By Amy Cockerham
Public Ed Works

EDEN (February 5, 2026) – North Carolina’s public schools are grappling with underfunding and uncertainty because state legislators haven’t passed a budget for the current year.
Dr. John Stover is in his fourth year as superintendent of Rockingham County Schools, previously working for the Washington, D.C. public school system. The county, on the Virginia line north of Greensboro, serves approximately 11,000 students.

Courtesy of Rockingham County Schools
Budget proposals from both the state House and Senate propose teacher pay raises, but exactly how much teachers will see and when is yet to be determined.
“If the salary (increase) is above 3%, which is what we targeted, then we’re going to have to find money other places,” Stover said. “The uncertainty makes it difficult.”
Stover said his schools already don’t have enough funds to properly support students.

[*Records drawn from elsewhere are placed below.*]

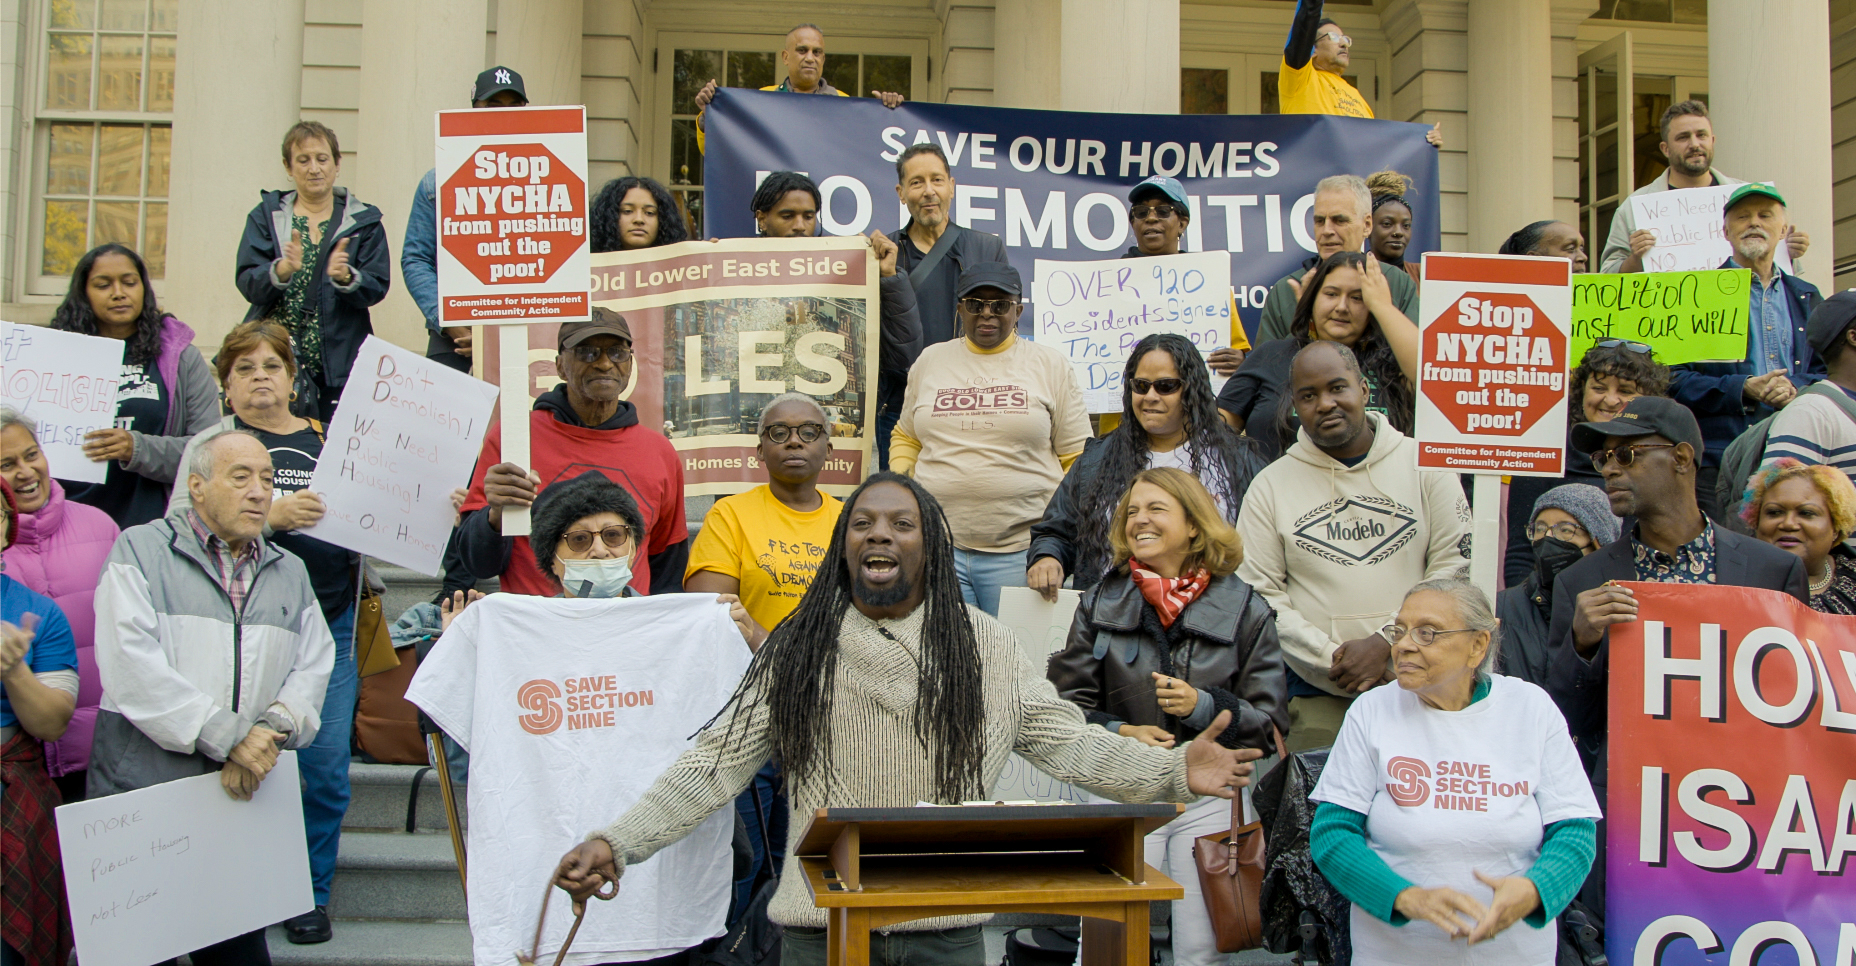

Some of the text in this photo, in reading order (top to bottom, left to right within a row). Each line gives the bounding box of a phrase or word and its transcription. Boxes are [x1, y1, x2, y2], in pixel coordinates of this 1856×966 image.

[475, 150, 550, 184] Stop
[1009, 136, 1105, 175] OUR
[1119, 141, 1280, 178] HOMES
[455, 184, 573, 215] NYCHA
[756, 170, 872, 236] O
[1642, 200, 1670, 220] We
[1677, 196, 1717, 216] Need
[443, 214, 584, 238] from pushing
[477, 237, 551, 256] out the
[490, 258, 545, 282] poor!
[636, 263, 713, 288] Lower
[722, 259, 780, 278] East
[789, 257, 848, 276] Side
[1047, 267, 1141, 306] OVER
[1152, 265, 1205, 295] 920
[449, 295, 582, 307] Committee for Independent
[471, 306, 560, 316] Community Action
[1043, 298, 1230, 335] Residents Signed
[1458, 297, 1533, 335] Stop
[1062, 336, 1111, 358] The
[1436, 332, 1553, 366] NYCHA
[377, 355, 434, 391] Don't
[685, 331, 848, 396] LES
[1423, 362, 1563, 391] from pushing
[0, 366, 118, 413] OLISH
[936, 391, 1026, 409] GOLES
[1456, 388, 1529, 407] out the
[372, 381, 473, 440] Demolish!
[1467, 411, 1522, 431] poor!
[354, 414, 439, 464] We Need
[686, 457, 742, 471] Homes
[747, 456, 760, 469] &
[1424, 446, 1556, 459] Committee for Independent
[1445, 457, 1534, 468] Community Action
[1327, 518, 1385, 541] Modelo
[782, 572, 815, 590] DEMO
[565, 675, 618, 694] SAVE
[1644, 620, 1856, 729] HOL
[566, 690, 654, 712] SECTION
[567, 711, 616, 731] NINE
[1436, 761, 1491, 779] SAVE
[1435, 777, 1529, 798] SECTION
[1434, 795, 1488, 812] NINE
[83, 810, 143, 839] MORE

“Currently, we have about 19.2% of our students qualify for special education services,” Stover said. “The state currently … as the budget works, funds 13%. So, we have this gap of 6.2% of our students, the money that the state provides.”
Stover is part of a group of superintendents trying to see if school funding could be shifted to a weighted student formula model, giving schools more money depending on an individual student’s needs.
“We really need to look at it because it’s not meeting the modern needs,” Stover said. “It’s not offering flexibility that a lot of districts have.”
“We are 49th in funding and 50th in effort in the nation, and at some point you get what you pay for,” Stover said. “I think it’s something that we need to look at.”
Meanwhile funding for school vouchers, taxpayer money for private school education, is at an all-time high in North Carolina. Rockingham County is home to 13 private schools, according to the N.C. Department of Administration’s latest report.
“I have no problem with people having choice,” Stover said. “But if it’s a good policy decision to have no accountability and very loose oversight of how a school spends money, then let’s make that a thing for all of our schools.”